Romance Island - Page 188/189

"But," said Olivia in bewilderment, "I don't understand. Surely--"

"Nothing whatever is sure, Miss Holland," Amory sadly assured her, but his eyes were smiling behind his pince-nez. "You would think one might be sure of him. But it isn't so. Me, you may depend upon me," he impressed it lightly. "I'm what I say I am--a poor beggar of a newspaper man, about to be held to account by one Chillingworth for this whole millenial occurrence, and sent off to a political convention to steady me, unless I'm fired. But St. George, he's a gay dilettante."

Then Amory resumed a better topic of his own; and Olivia, when she understood, looked down at her lover as miserably as one is able when one is perfectly happy.

"Oh," she said, "and up there--in the palace to-day--I did think for a minute that perhaps you wanted me to marry the prince so that--they could--."

One could smile now at the enormity of that.

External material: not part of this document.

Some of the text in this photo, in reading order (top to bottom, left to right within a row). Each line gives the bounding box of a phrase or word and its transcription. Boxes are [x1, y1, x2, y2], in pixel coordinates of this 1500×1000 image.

"So that I could put it in the paper?" he said. "But, you see, I never could put it in any paper, even if I didn't love you. Who would believe me? A thousand years from now--maybe less--the Evening Sentinel, if it is still in existence, can publish the story, perhaps. Until then I'm afraid they'll have to confine themselves to the doings of the precincts."

Olivia waived the whole matter for one of vaster importance.

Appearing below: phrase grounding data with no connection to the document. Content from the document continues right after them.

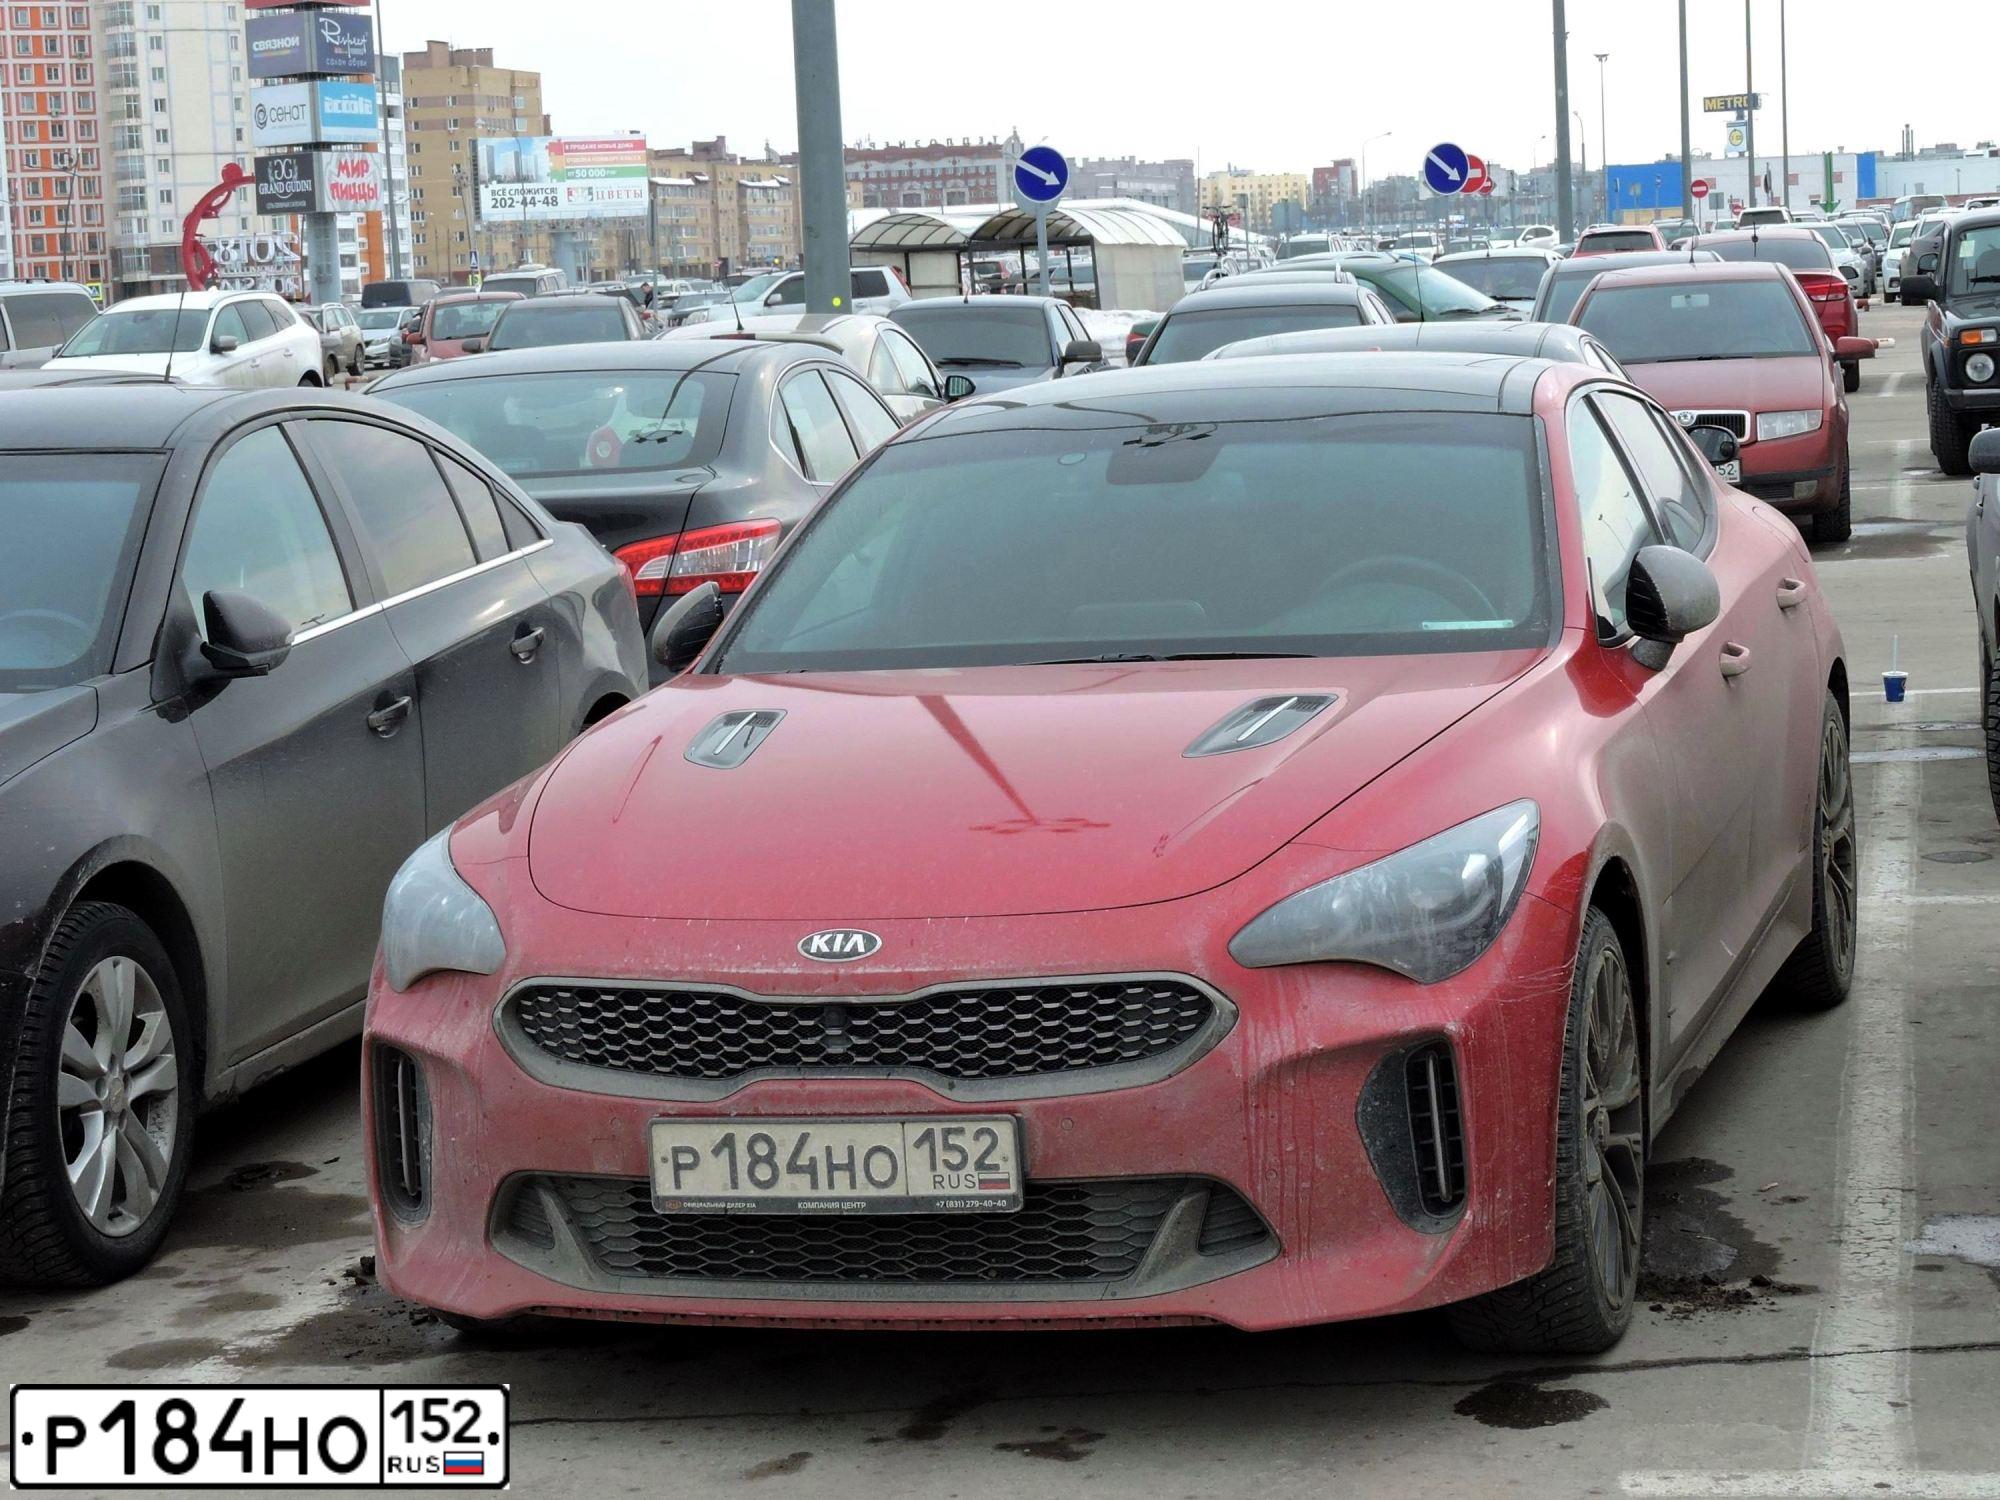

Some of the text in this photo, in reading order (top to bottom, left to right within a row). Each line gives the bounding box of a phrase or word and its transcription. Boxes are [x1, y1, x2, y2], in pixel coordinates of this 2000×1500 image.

[337, 159, 370, 178] МИР
[258, 182, 285, 195] GRAND
[329, 182, 379, 203] ПИЦЦЫ
[508, 187, 558, 196] СЛОЖИТСЯ!
[596, 189, 643, 201] ЦВЕТЫ
[491, 196, 559, 209] 202-44-48
[810, 933, 866, 953] KIA
[912, 1126, 1000, 1173] 152
[933, 1174, 977, 1190] RUS
[797, 1201, 867, 1210] КОМПАНИЯ ЦЕНТР
[946, 1200, 965, 1208] (831)
[966, 1200, 1007, 1208] 279-40-40

"Then why did you come to Yaque?" she demanded.

Mr. Frothingham had left his place by the wheel-house and wandered forward. The steamer chair had a back that was both broad and high, and one sitting in its shadow was hermetically veiled from the rest of the deck. So St. George bent forward, and told her.

After that they sat in silence, and together they looked back toward the island with its black rocks smitten to momentary gold by a last javelin of light. There it lay--the land locking away as realities all the fairy-land of speculation, the land of the miracles of natural law. They had walked there, and had glimpsed the shadowy threshold of the Morning. Suppose, St. George thought, that instead of King Otho, with his delicate sense of the merely visible, a great man had chanced to be made sovereign of Yaque? And instead of Mr. Frothingham, slave to the contestable, and Little Cawthorne in bondage to humour, and Amory and himself swept off their feet by a heavenly romance, suppose a party of savants and economists had arrived in Yaque, with a poet or two to bring away the fire--what then? St. George lost the doubt in the noon of his own certainty. There could be no greater good, he chanted to the god who had breathed upon him, than this that he and Amory shared now with the wise and simple world, the world of the resonant new names. He even doubted that, save in degree, there could be a purer talisman than the spirit that inextinguishably shone in the face of the childlike old lawyer as the strange little animal nestled in his coat and licked his hand. And these were open secrets. Open secrets of the ultimate attainment.